BEGIN

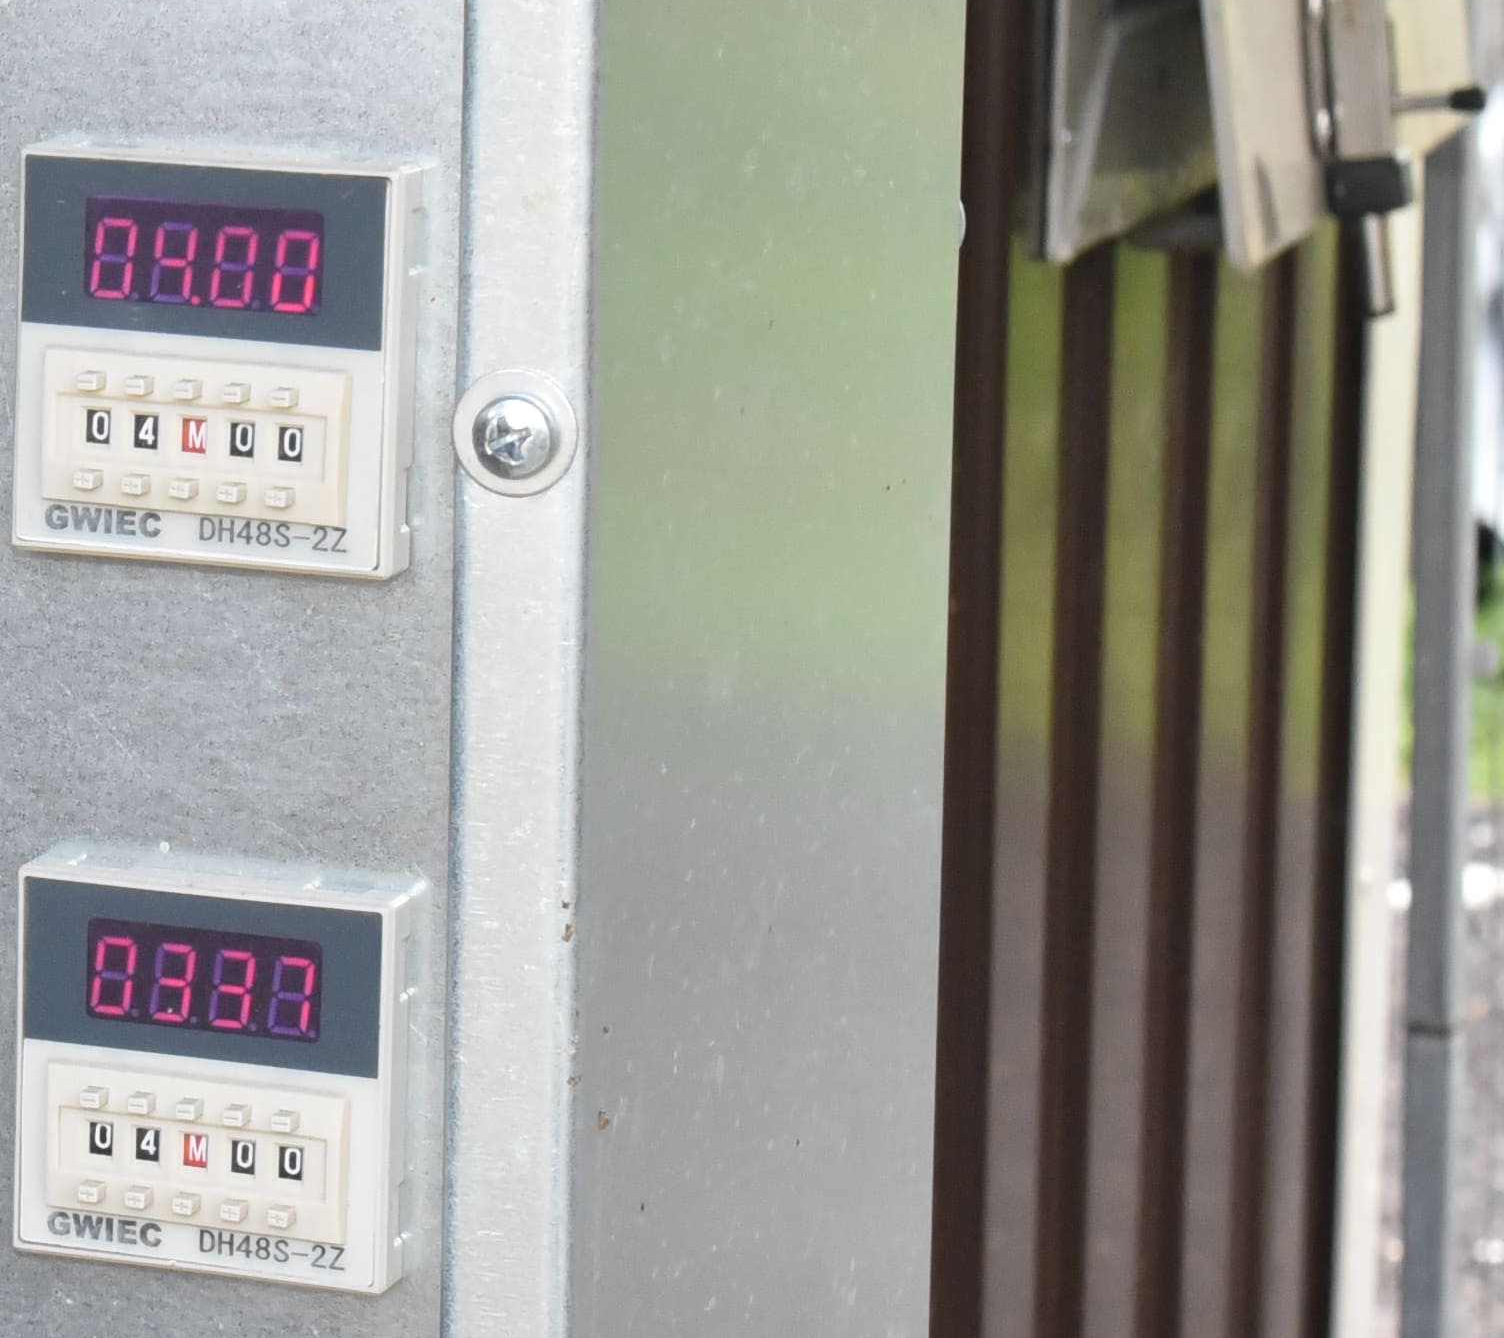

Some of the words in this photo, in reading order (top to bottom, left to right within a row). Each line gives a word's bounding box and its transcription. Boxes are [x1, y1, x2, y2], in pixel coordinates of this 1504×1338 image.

[45, 505, 162, 539] GWIEC
[198, 518, 348, 553] DH48S-2Z
[91, 936, 316, 1036] 0337
[47, 1212, 162, 1248] GWIEC
[198, 1229, 346, 1271] DH48S-2Z

END

### ABOUT THIS EXERCISE
Your answer must be the records exactly as they stand, with no pictures in it.

### THE ANSWER
Some of the words in this photo, in reading order (top to bottom, left to right within a row). Each line gives a word's bounding box and its transcription. Boxes are [x1, y1, x2, y2], in pixel coordinates of this 1504×1338 image.

[45, 505, 162, 539] GWIEC
[198, 518, 348, 553] DH48S-2Z
[91, 936, 316, 1036] 0337
[47, 1212, 162, 1248] GWIEC
[198, 1229, 346, 1271] DH48S-2Z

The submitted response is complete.